Woods has booked an afternoon practice round at the same venue where he claimed the 2000 PGA Championship.
A question mark has hung over the 14-time major champion's status for the event since he pulled out of Sunday's final round of the World Golf Championships event in Akron, Ohio, with a back injury.
Woods, who underwent back surgery on March 31 to relieve a pinched nerve, jarred his back on the second hole at Firestone Country Club and withdrew after wincing in pain following a tee shot at the ninth hole.
Woods, who went home to Florida for treatment and examination by doctors after the injury, is scheduled to start off the 10th tee at 8:35 Thursday morning (1235 GMT) alongside two other past PGA Championship winners, fellow American Phil Mickelson and Ireland's Padraig Harrington.

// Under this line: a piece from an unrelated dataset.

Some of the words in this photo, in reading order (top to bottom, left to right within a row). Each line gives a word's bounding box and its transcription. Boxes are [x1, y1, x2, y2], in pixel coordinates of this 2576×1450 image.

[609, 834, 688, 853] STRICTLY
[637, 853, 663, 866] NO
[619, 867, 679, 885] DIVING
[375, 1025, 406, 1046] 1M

Woods missed the Masters and US Open while recovering from the surgery and played his first event since the operation in late June at the PGA event owned by his charity foundation, missing the cut at Congressional Country Club but expressing happiness at being able to play again.

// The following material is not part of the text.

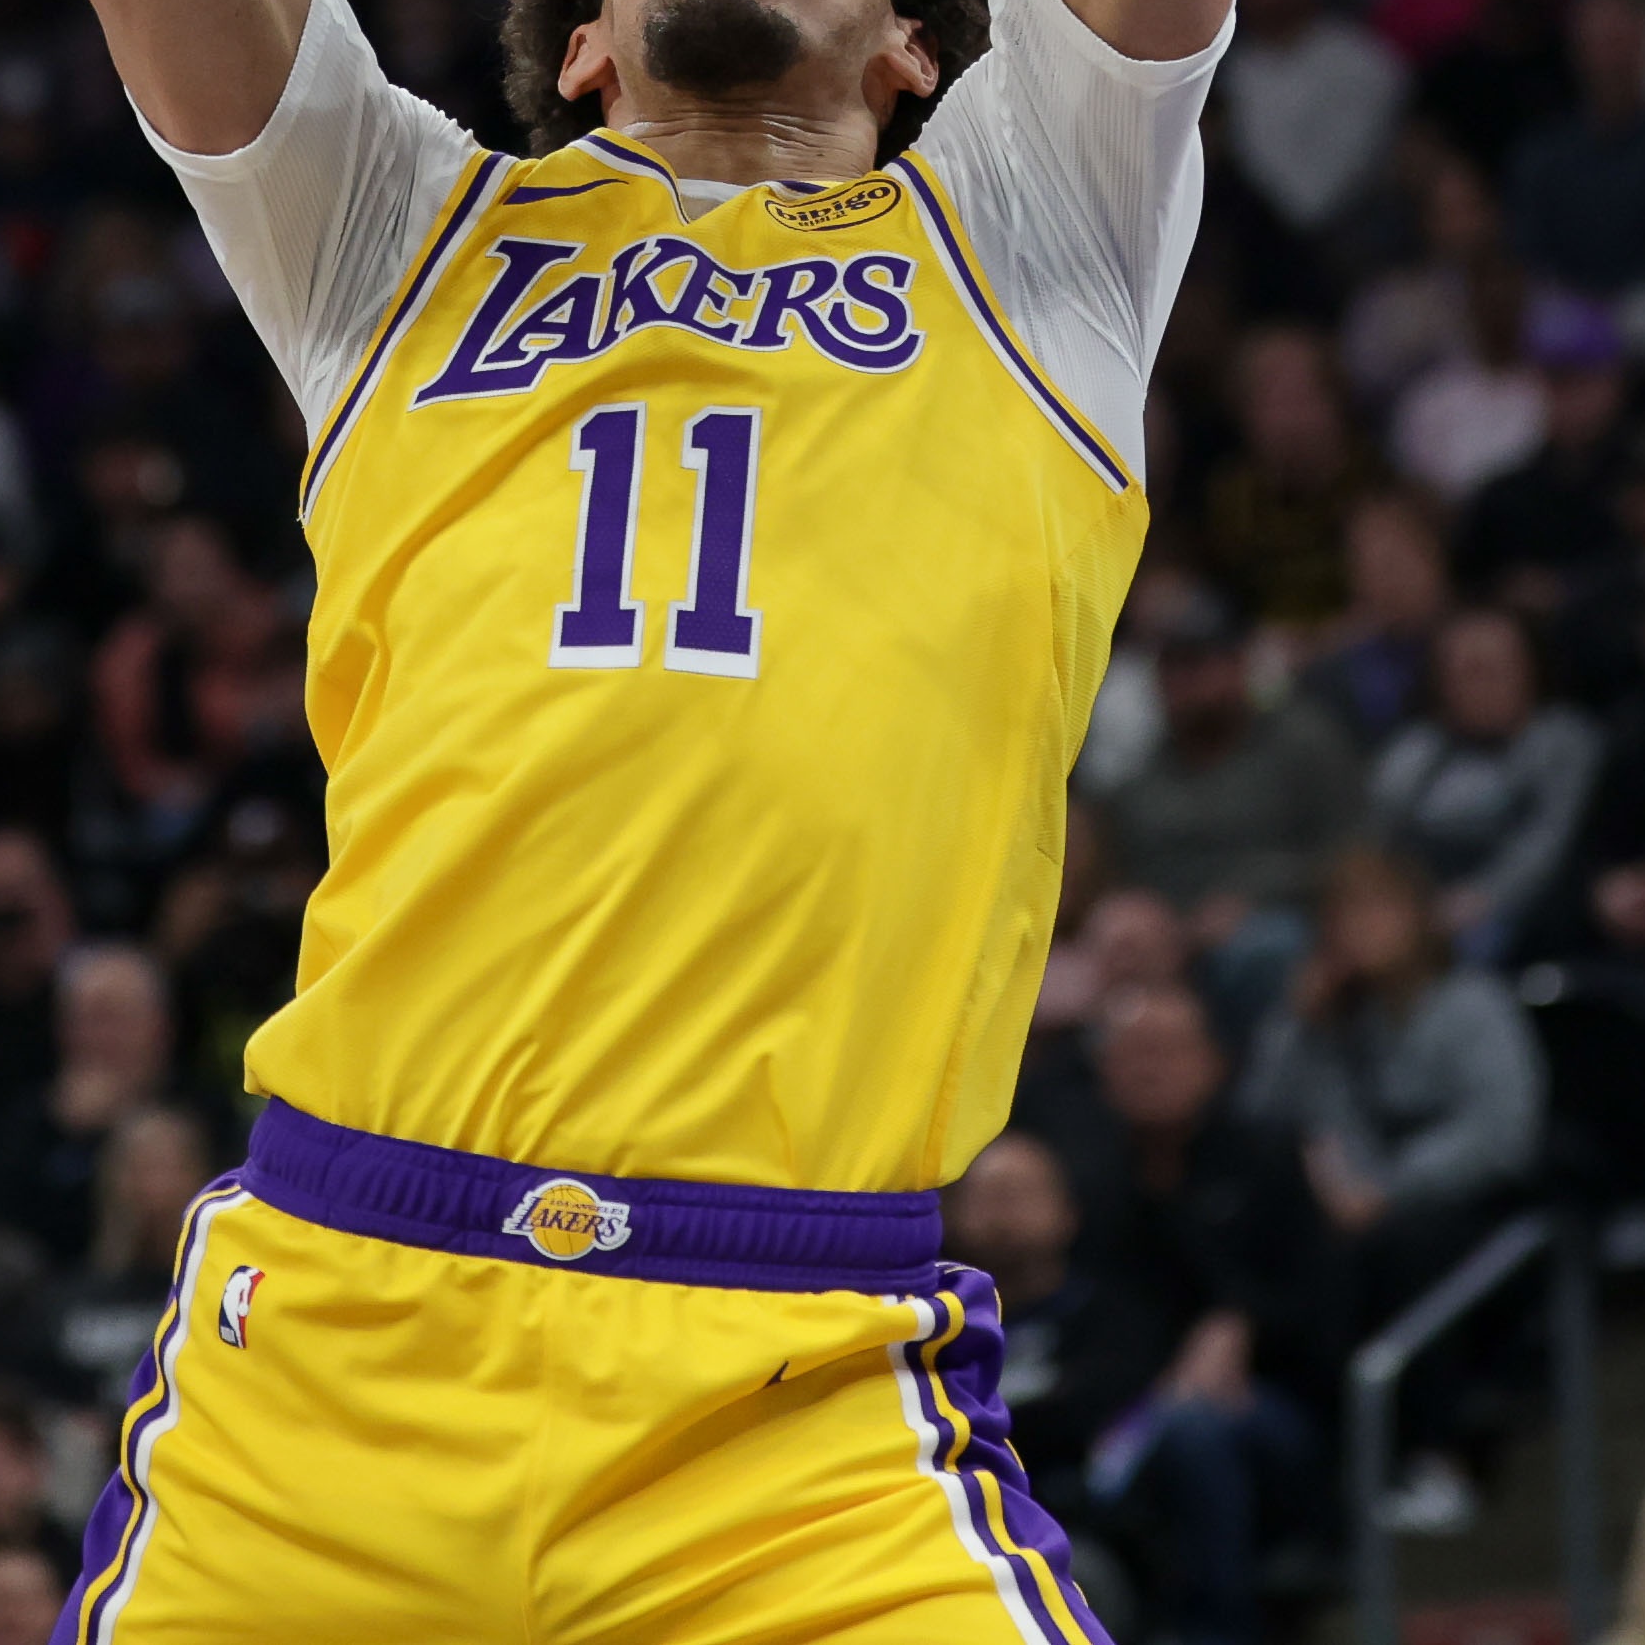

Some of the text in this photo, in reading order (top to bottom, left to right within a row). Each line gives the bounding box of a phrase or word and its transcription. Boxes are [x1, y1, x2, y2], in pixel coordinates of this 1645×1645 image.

[774, 186, 891, 222] bibigo
[408, 234, 925, 412] LAKERS
[547, 401, 763, 679] 11
[511, 1196, 625, 1245] LAKERS

Last month, Woods finished level 69th at the British Open, marking the worst 72-hole major finish of his pro career and setting the stage for his dramatic exit last week in Akron, Ohio.

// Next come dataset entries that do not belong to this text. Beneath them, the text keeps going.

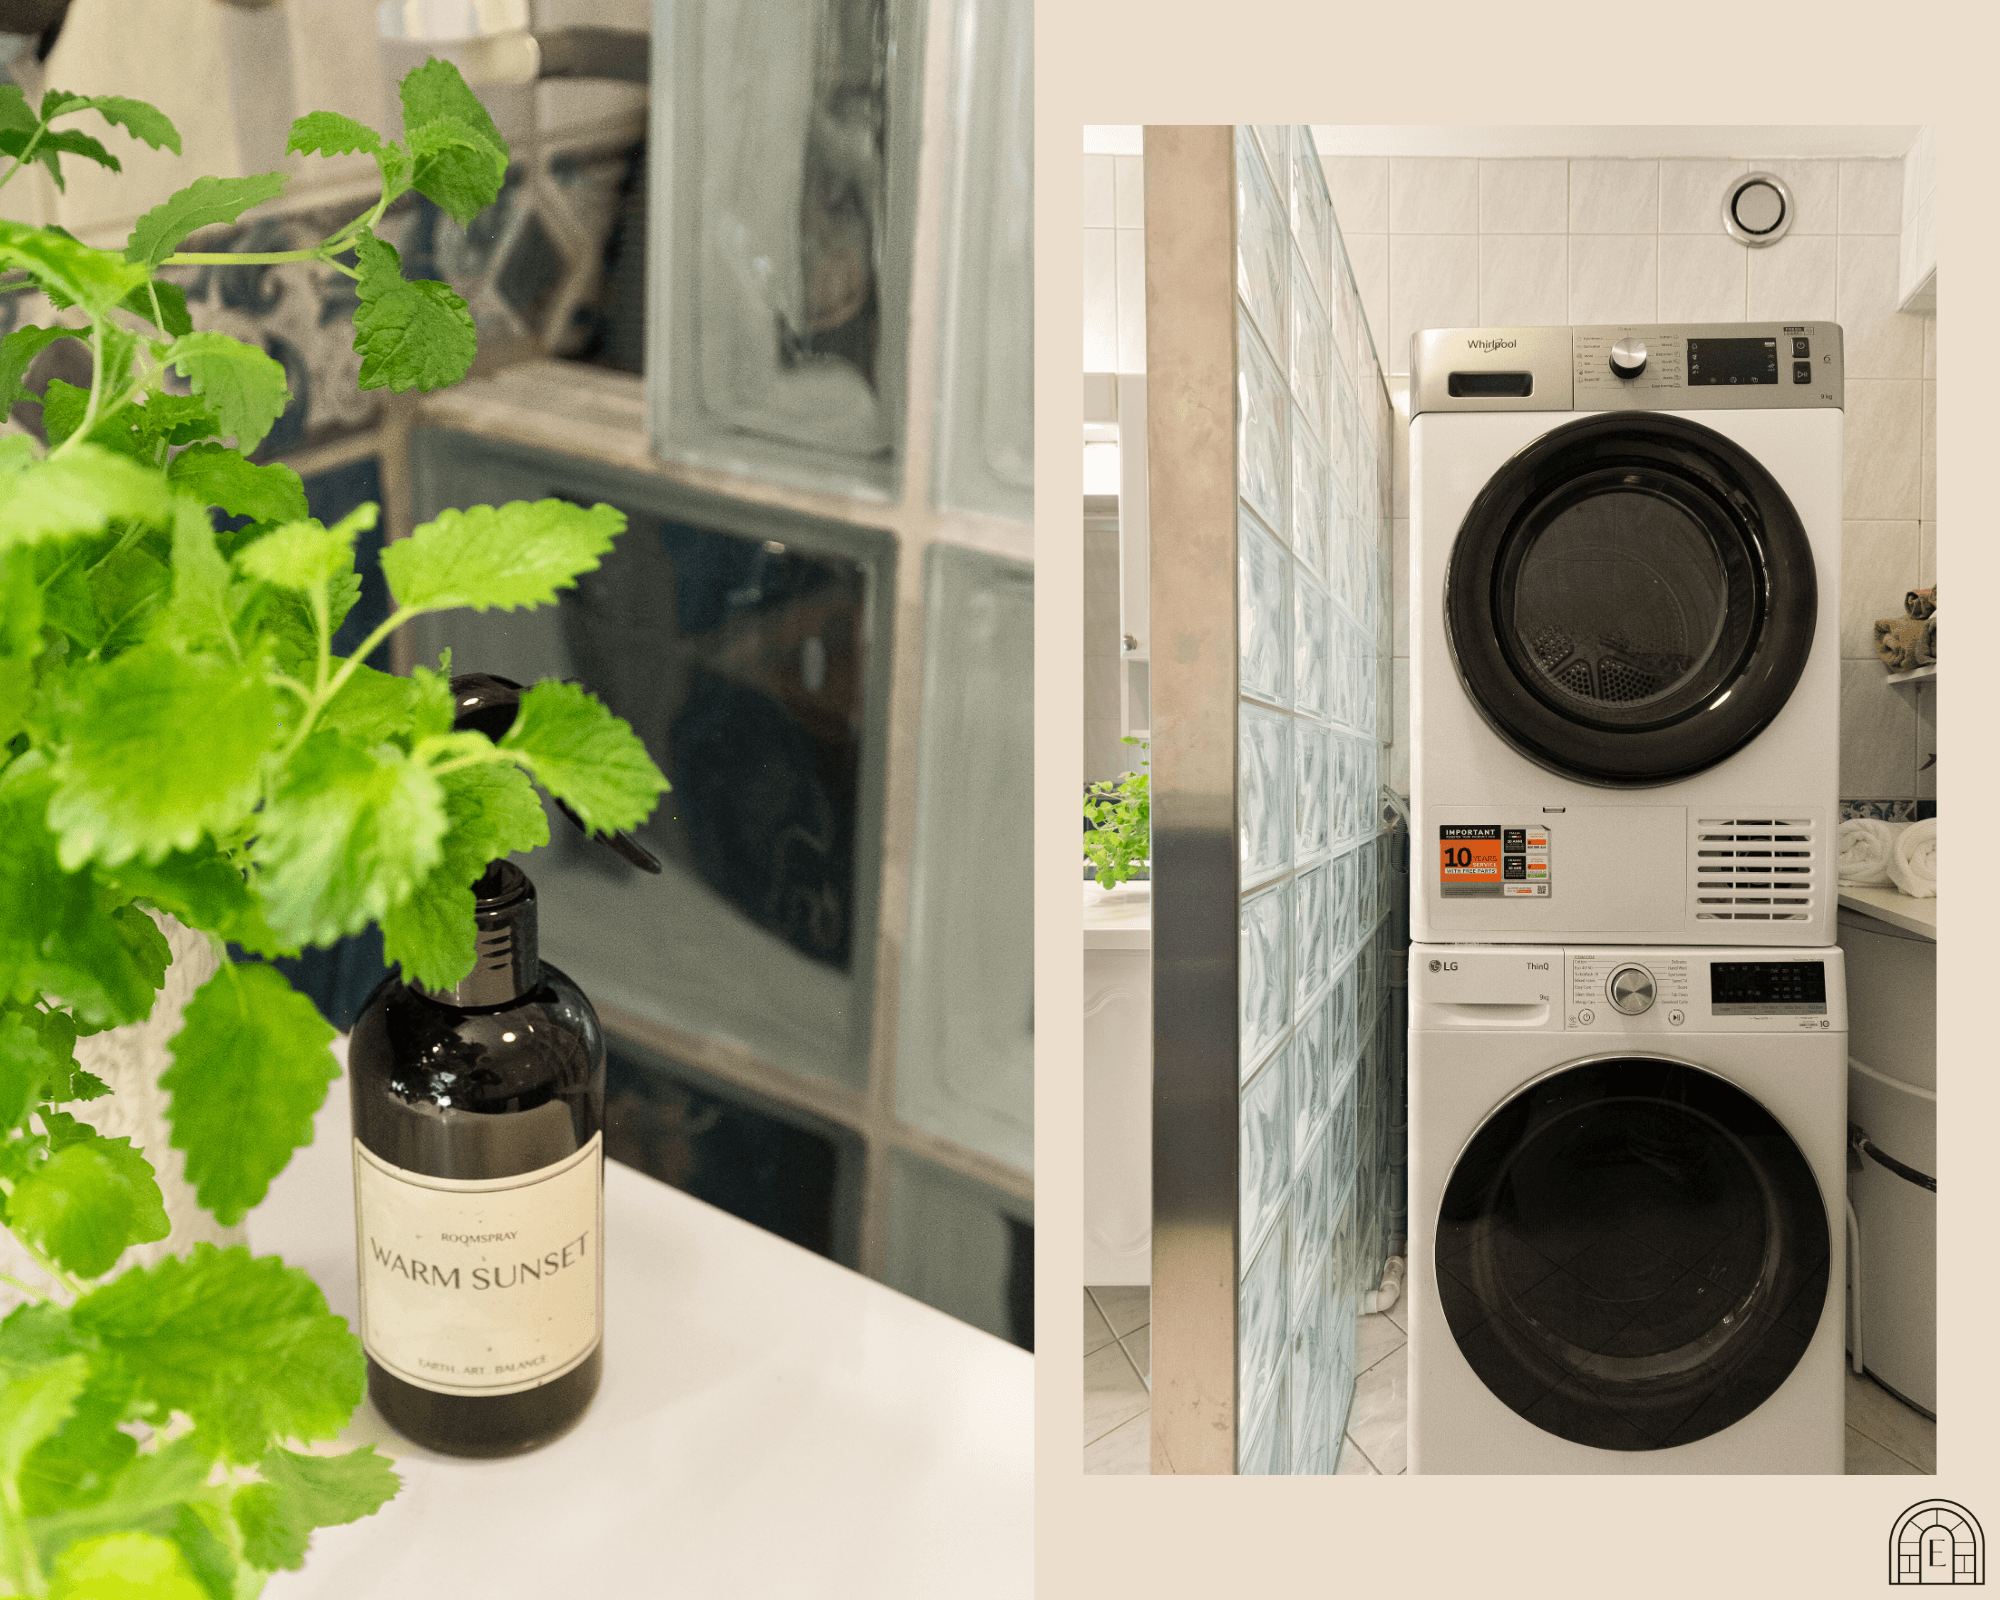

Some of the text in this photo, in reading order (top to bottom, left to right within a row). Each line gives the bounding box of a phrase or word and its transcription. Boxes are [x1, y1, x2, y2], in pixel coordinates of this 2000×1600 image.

[1467, 338, 1517, 353] Whirlpool
[1825, 393, 1833, 401] kg
[1444, 847, 1472, 867] 10
[1443, 962, 1458, 971] LG
[1526, 962, 1549, 971] ThinQ
[441, 1230, 518, 1244] ROOMSPRAY
[370, 1229, 590, 1290] WARM SUNSET
[418, 1354, 547, 1376] EARTH ART BALANCE

Woods has struggled with various knee, leg and back injuries since winning his most recent major title at the 2008 US Open as his body breaks down under the strain of the long drives that were his hallmark for a decade of golf dominance.
Playing this week is critical for Woods as he tries to qualify for the US Ryder Cup team that will face holders Europe next month at Gleneagles, Scotland.
Barring a win this week, Woods will need a captain's pick from Tom Watson and to show his health. Woods is not qualified for the upcoming US PGA season-ending playoffs and could face a long layoff ahead of the Cup that might dim Watson's desire to select him.
Woods, who has slid to 10th in the rankings after being overtaken for the world number one spot in May, would be teeing off four days after back spasms that left him struggling to pick up a tee or reach his shoes, seeming to make contention a daunting task for the 38-year-old American as he chases the all-time record of 18 majors won by Jack Nicklaus.
There is a sense of time running out on Woods, who turns 39 in December.
Since the Masters began in 1934, no golfer has won more than three majors after turning 39. Nicklaus won two majors at age 40 and his last at the 1986 Masters at age 46.
Woods has missed six majors in his career, all since his most recent major triumph six years ago. Nicklaus did not miss his sixth major until the 2001 US Open at age 61.
Woods remains three titles shy of matching the late Sam Snead's all-time PGA record of 82 career crowns.
Rivals were hoping that Woods would be healthy enough to play this week.
"He still has a huge impact," said Rickie Fowler, a runner-up at this year's US and British Opens.
"I want to see Tiger around, but I want to see him healthy and at his best, and unfortunately he's not healthy and at his best right now," Fowler said.
"I would rather see him make sure he's back to at least close to 100 percent and comfortable playing.
"But the game still does need him. He's a big draw. A lot of people still love watching him play."